Dari peristiwa itu ia merasa disentuh oleh Tuhan, sehingga ia sadar akan kesombongannya. “Tuhan mungkin saya selama ini banyak dosa. Dulu saya rajin misdinar di Gereja, lalu Tuhan beri talenta dan bakat kepada saya, juga harta yang melimpah. Kok, saya malah lupa dengan Tuhan. Tuhan, kalau saya sembuh, saya ingin melayani Tuhan. Tapi saya hanya bisa melayani Tuhan dengan bermain musik,” ungkap Mas Didiek menirukan doa permohonannya pada Tuhan ketika itu.

Ternyata doa itu didengar Tuhan. Setelah sembuh, Mas Didiek tampil bermusik lagi. Ketika ia sedang show, ia bertemu dengan seorang romo yang bertugas mengajar di seminari. Romo itu menawarinya untuk menjadi pengajar musik di Seminari Menengah Wacana Bhakti Jakarta.

Bersama Embong Raharjo dan Tony Suwandi, dibentuklah Orkestra Seminari Wacana Bhakti. Mereka mengasah kemampuan bermusik para calon imam hingga mahir memainkan berbagai instrumen musik. Mulai sejak itu Mas Didiek sering mengadakan konser di berbagai paroki.

“Kadang saya tampil bersama anak-anak seminari, kadang juga saya tampil sendiri. Selama ini saya sudah mengadakan konser di 119 paroki seluruh Indonesia dan Paroki Santo Yoseph Palembang adalah yang ke 120. Biasanya saya tampil pada hari Sabtu dan Minggu,” ujar Mas Didiek yang hingga kini, setiap Rabu mengajar musik di Seminari Wacana Bhakti.

Bermusik untuk Gereja menjadi prioritasnya. Ia selalu mengutamakan kepentingan Gereja. Tawaran main di gereja lebih sering pada Sabtu dan Minggu. Padahal dua hari di akhir pekan ini bagi seorang musisi profesional seperti dirinya justru padat undangan main. “Ya, ini sudah menjadi komitmen saya. Saya bersedia diundang tampil ke mana saja. Sejauh saya mampu menjangkaunya dan waktunya cocok,” tambahnya meyakinkan.

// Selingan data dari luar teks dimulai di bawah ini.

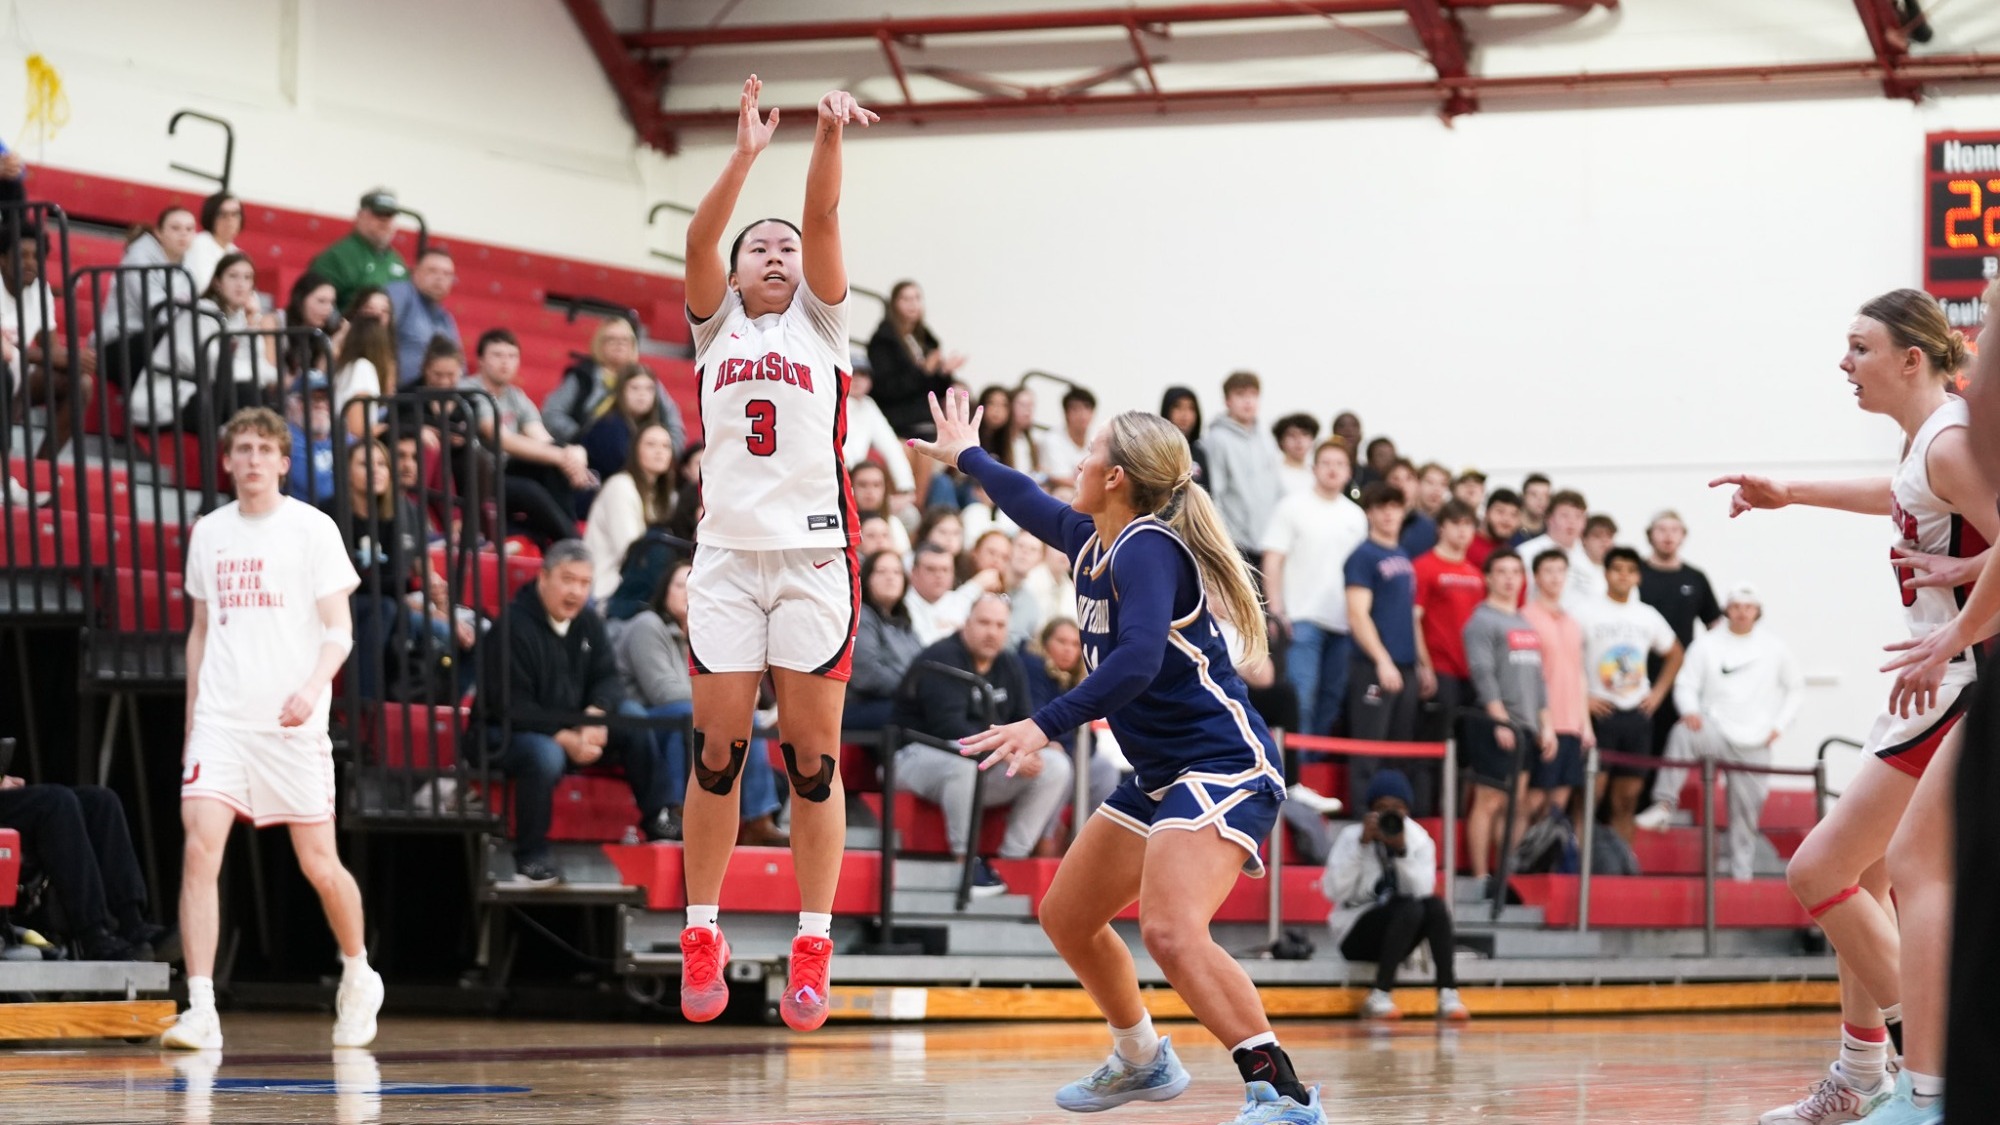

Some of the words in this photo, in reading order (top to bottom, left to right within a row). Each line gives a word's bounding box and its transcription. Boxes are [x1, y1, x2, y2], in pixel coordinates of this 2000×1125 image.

[714, 352, 814, 394] DENISON
[745, 399, 776, 456] 3
[217, 558, 263, 574] DENISON
[239, 575, 261, 590] RED
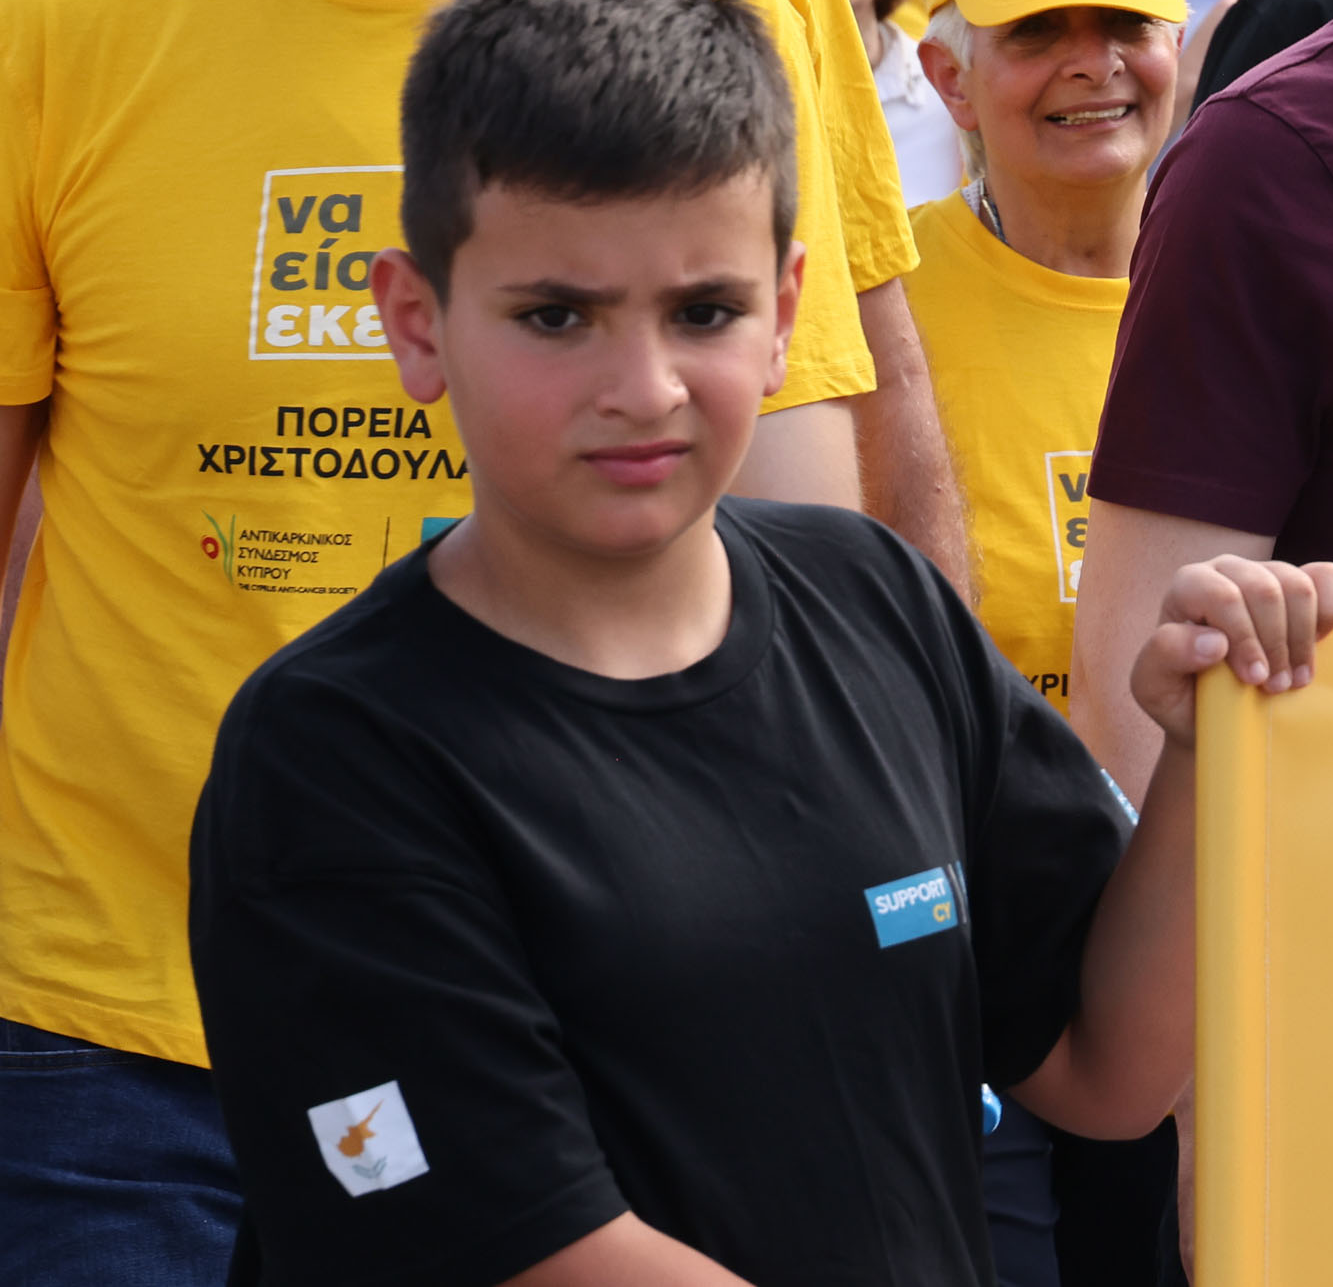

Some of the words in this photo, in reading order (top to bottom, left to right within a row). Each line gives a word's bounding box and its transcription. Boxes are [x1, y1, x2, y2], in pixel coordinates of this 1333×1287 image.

Suatu perjalanan iman yang luar biasa dirasakan Mas Didiek, ketika ia disentuh Tuhan. Dengan talenta bermusiknya yang luar biasa, Mas Didiek ingin membaktikan diri untuk gereja. “Tampil di gereja, saya tidak pernah hitung-hitungan dengan honor. Saya hanya memberi yang terbaik bagi semua. Saya merasa Tuhan sudah memberi semuanya kepada saya, maka saya tidak mau itung-itungan. Saya tampil dengan seluruh ketulusan saya. Banyak yang ngomong bahwa umat begitu tersentuh dengan permainan musik saya. Sekali lagi itu bukan berasal dari kehebatan saya, tapi dari ketulusan saya. Saya selalu berusaha untuk berbuat baik dengan tulus hati. Hanya ini yang bisa saya berikan pada Tuhan, tapi itu bisa menjadi berkat bagi semua orang,” ujarnya.

Bermain Dari Hati
Gaya memang penting sebagai ekspresi keindahan artis pada waktu tampil. Ketika bermain flute atau saksofon, Mas Didiek sering meliukkan badannya seturut hembusan nafasnya. “Saya memainkannya dari hati, total, dan tidak dibuat-buat,” ungkapnya.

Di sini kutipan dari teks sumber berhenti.